» **Exercise brief**:
Print every record exactly, but leave out the pictures.

» **Data for this exercise**:
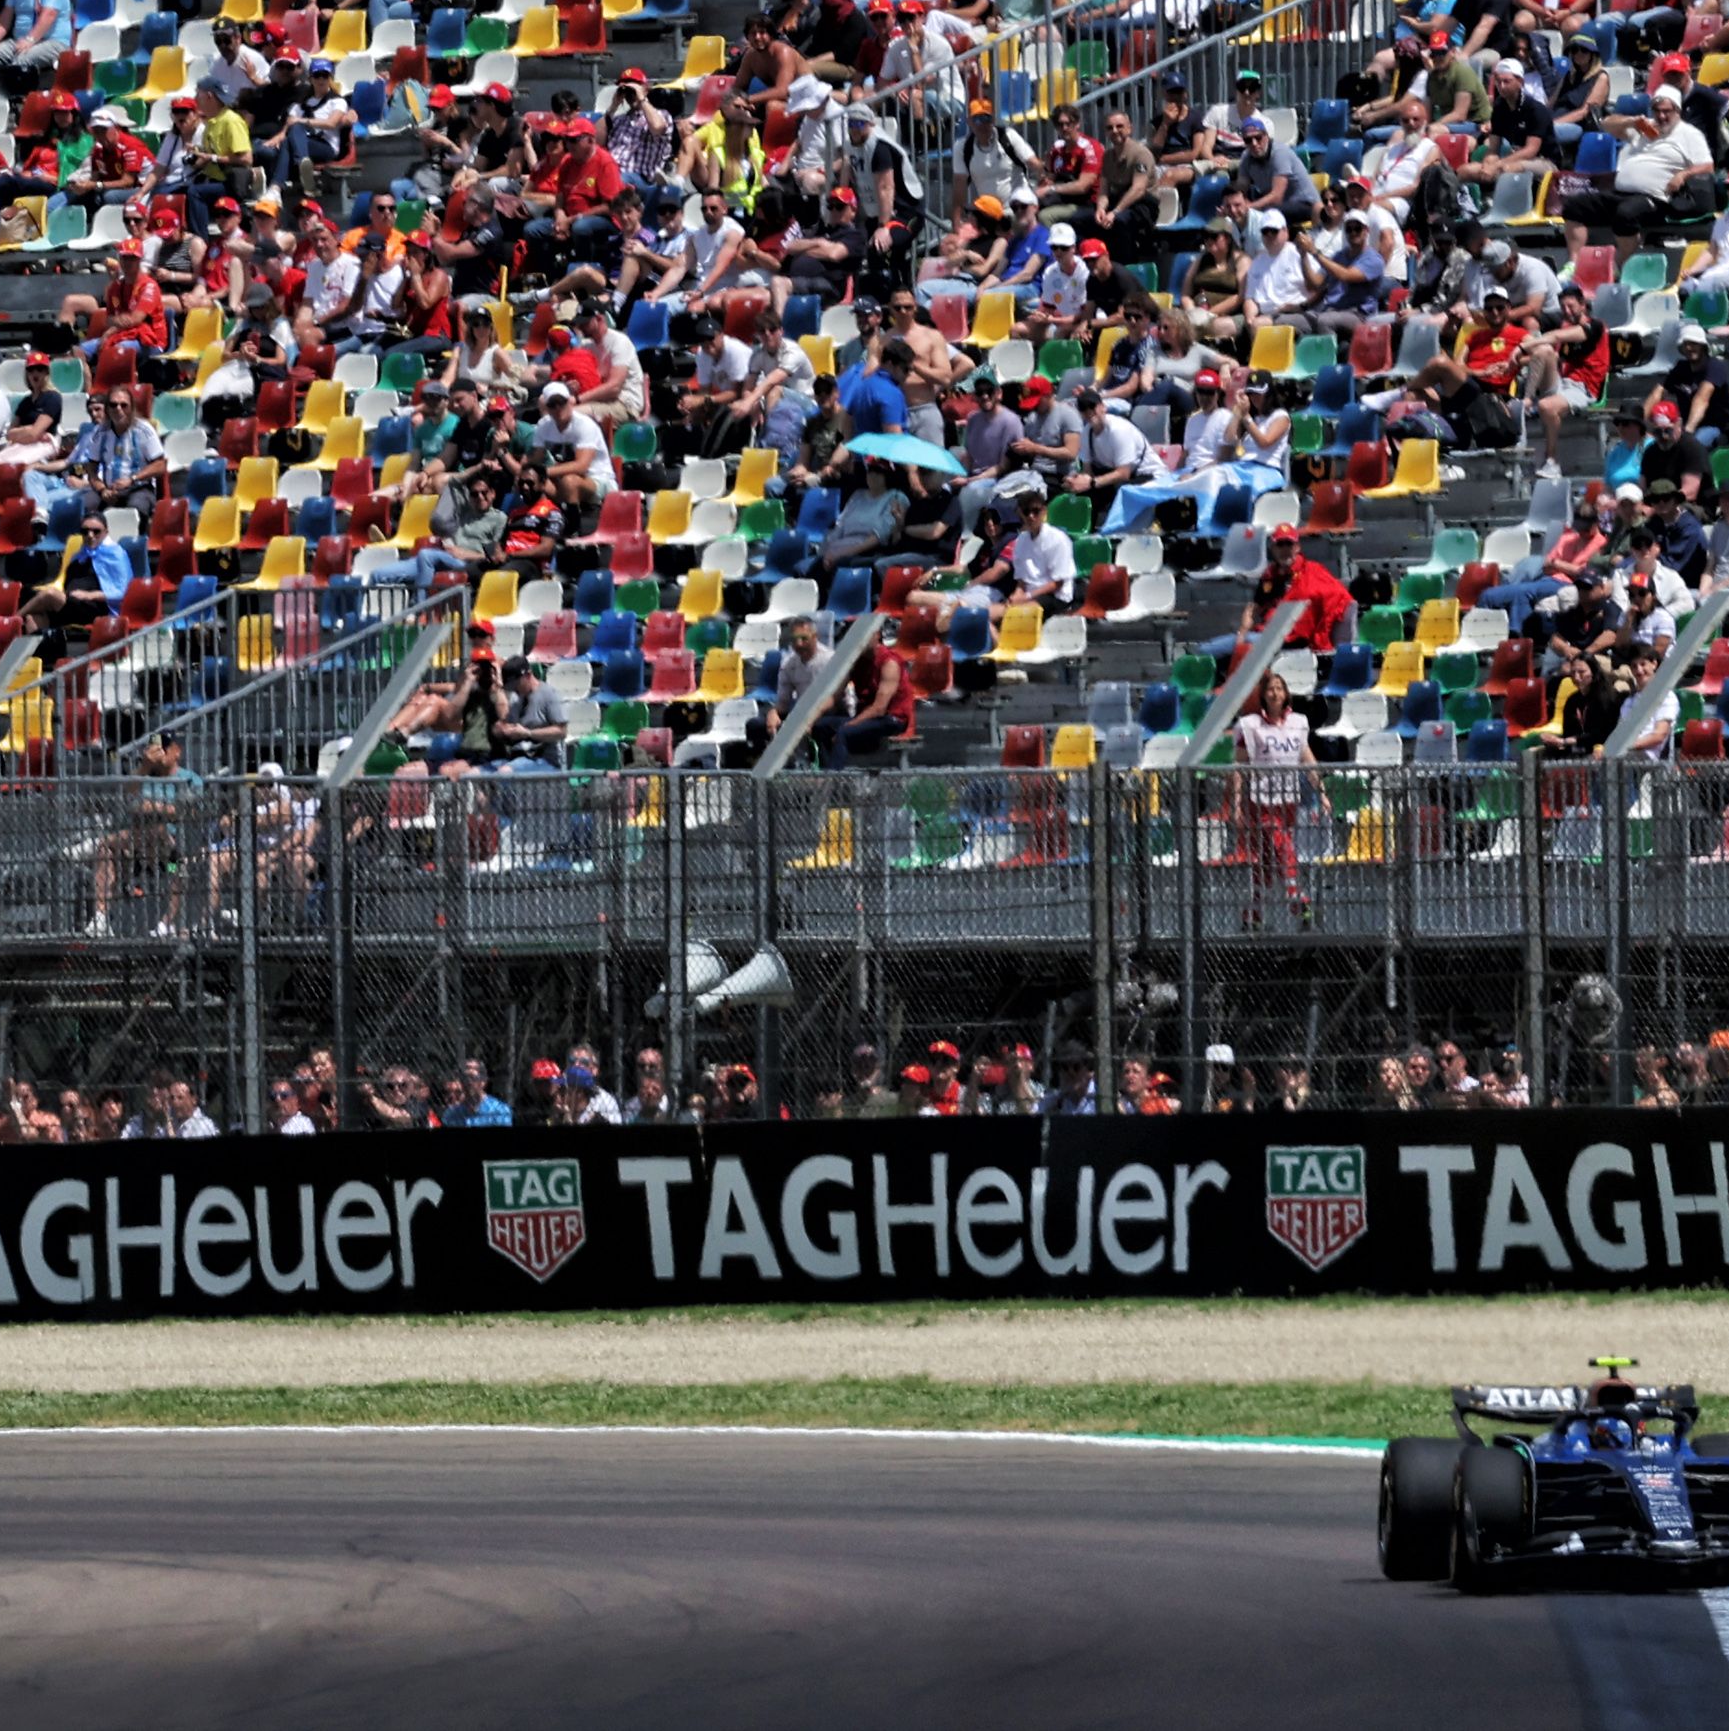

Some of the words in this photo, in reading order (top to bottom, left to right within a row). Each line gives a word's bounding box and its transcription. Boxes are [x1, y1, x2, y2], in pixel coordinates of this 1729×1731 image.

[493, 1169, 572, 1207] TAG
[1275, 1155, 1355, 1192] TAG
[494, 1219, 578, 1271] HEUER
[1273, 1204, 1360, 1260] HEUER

» **Your response**:
Some of the words in this photo, in reading order (top to bottom, left to right within a row). Each line gives a word's bounding box and its transcription. Boxes are [x1, y1, x2, y2], in pixel coordinates of this 1729×1731 image.

[493, 1169, 572, 1207] TAG
[1275, 1155, 1355, 1192] TAG
[494, 1219, 578, 1271] HEUER
[1273, 1204, 1360, 1260] HEUER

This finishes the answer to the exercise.